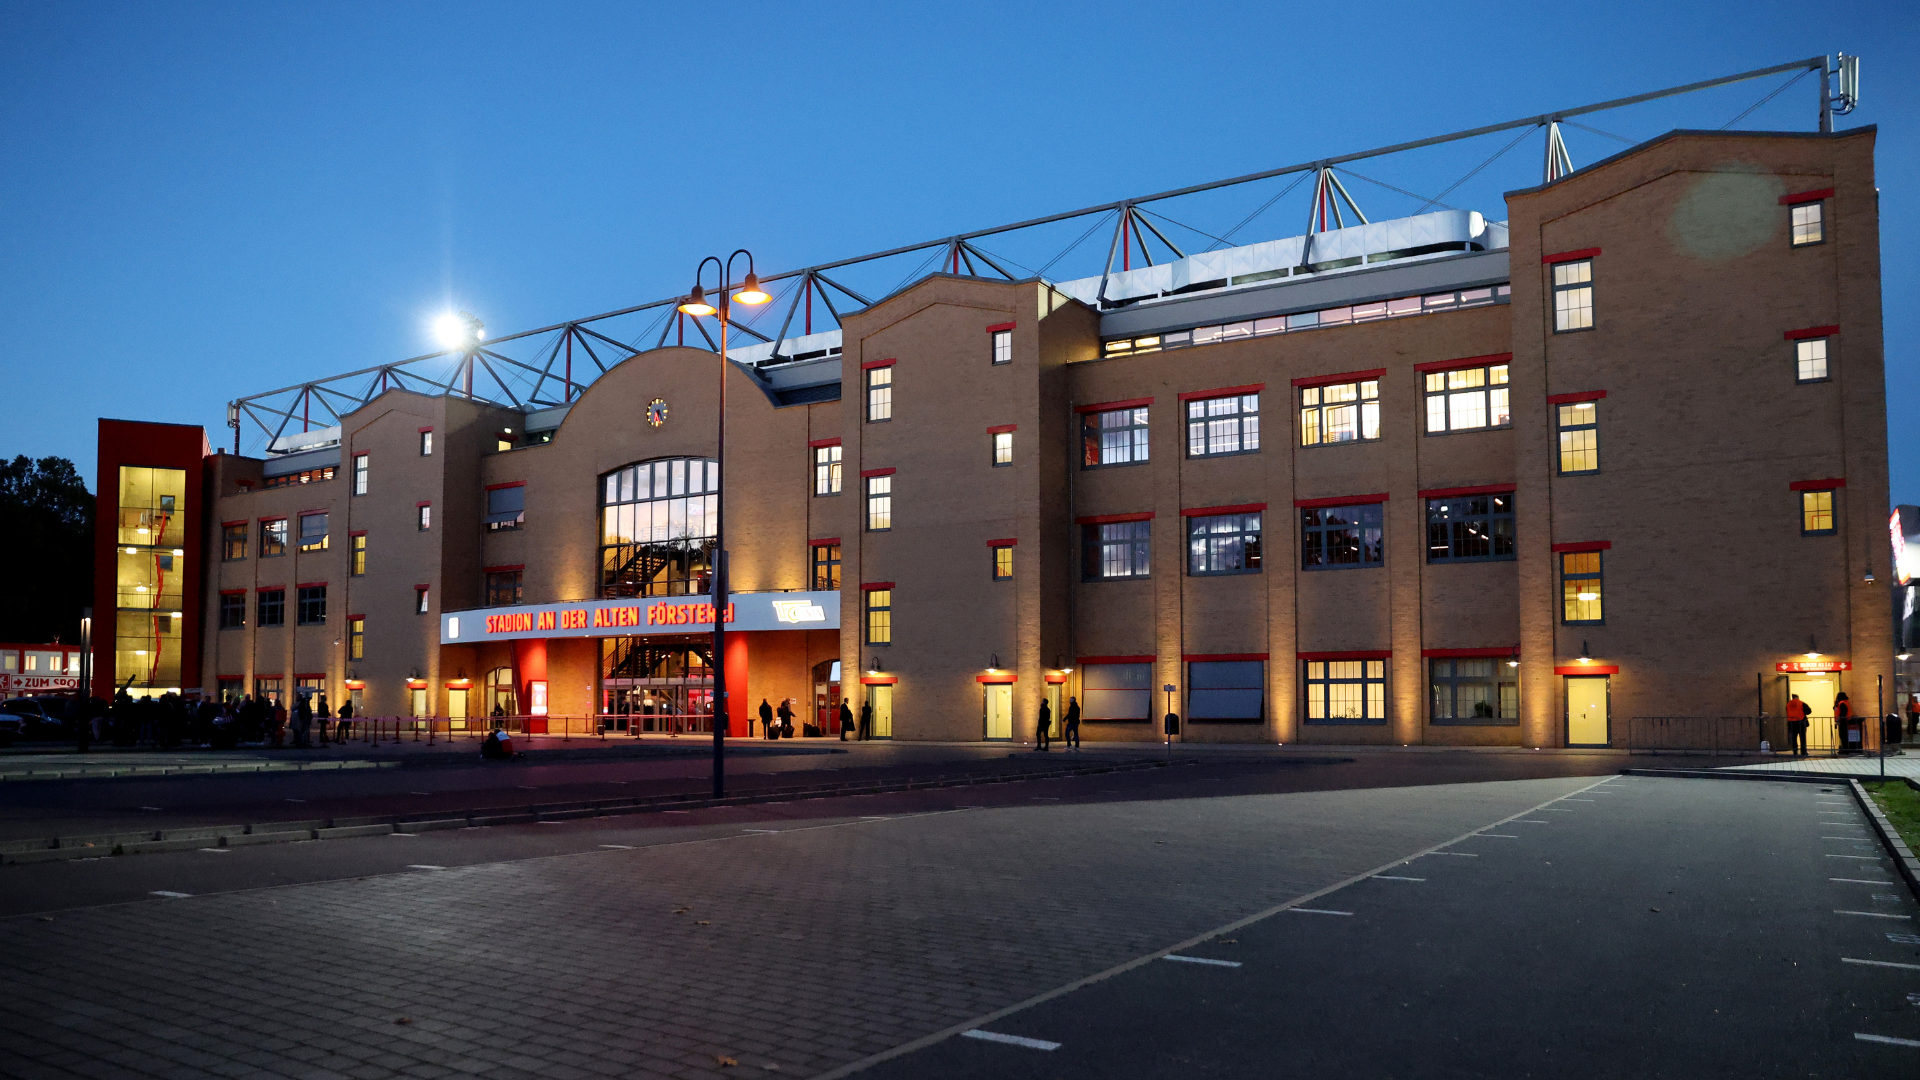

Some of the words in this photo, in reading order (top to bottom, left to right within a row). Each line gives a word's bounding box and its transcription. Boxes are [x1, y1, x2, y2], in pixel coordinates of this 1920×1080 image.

[485, 612, 533, 634] STADION
[537, 610, 556, 630] AN
[560, 609, 588, 629] DER
[593, 605, 639, 628] ALTEN
[25, 677, 50, 687] ZUM
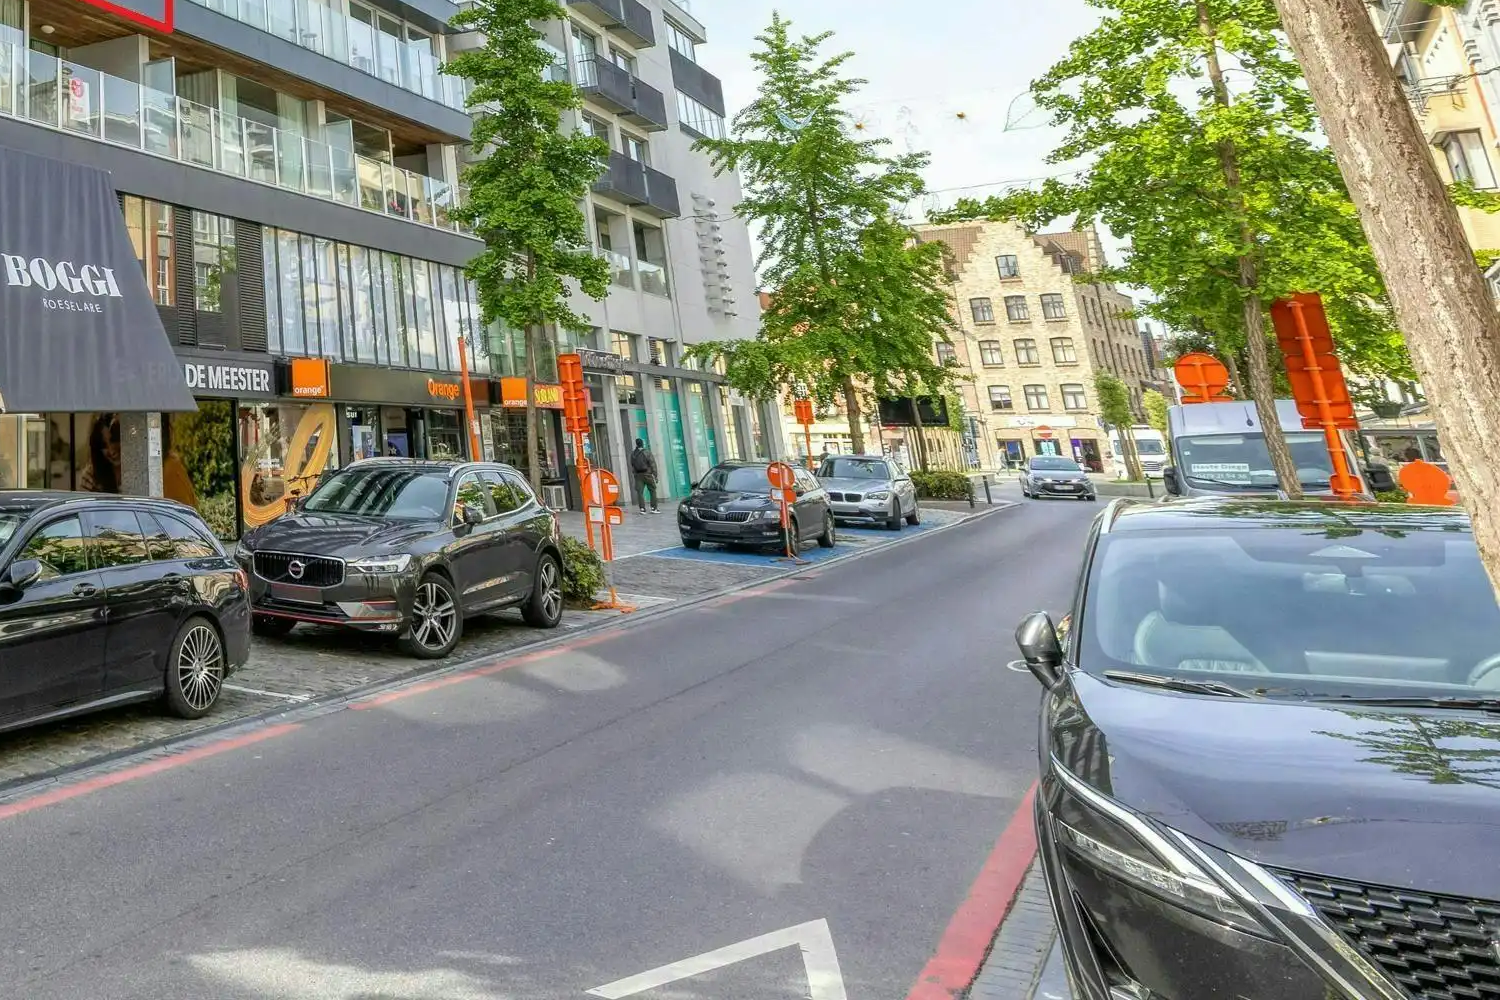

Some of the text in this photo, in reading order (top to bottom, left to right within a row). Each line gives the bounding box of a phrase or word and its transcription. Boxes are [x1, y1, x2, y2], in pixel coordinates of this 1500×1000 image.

[0, 252, 123, 298] BOGGI
[42, 298, 103, 313] ROESELARE
[184, 363, 206, 389] DE
[208, 365, 270, 392] MEESTER
[427, 377, 461, 400] Orange
[294, 386, 324, 395] orange
---+---
> [Aim of the task]
Recopy the whole listing above precisely, excluding images.

> [Task output]
Some of the words in this photo, in reading order (top to bottom, left to right within a row). Each line gives a word's bounding box and its transcription. Boxes are [x1, y1, x2, y2], in pixel coordinates of this 1920×1080 image.

[485, 612, 533, 634] STADION
[537, 610, 556, 630] AN
[560, 609, 588, 629] DER
[593, 605, 639, 628] ALTEN
[25, 677, 50, 687] ZUM

Some of the text in this photo, in reading order (top to bottom, left to right within a row). Each line gives the bounding box of a phrase or word and its transcription. Boxes are [x1, y1, x2, y2], in pixel coordinates of this 1500×1000 image.

[0, 252, 123, 298] BOGGI
[42, 298, 103, 313] ROESELARE
[184, 363, 206, 389] DE
[208, 365, 270, 392] MEESTER
[427, 377, 461, 400] Orange
[294, 386, 324, 395] orange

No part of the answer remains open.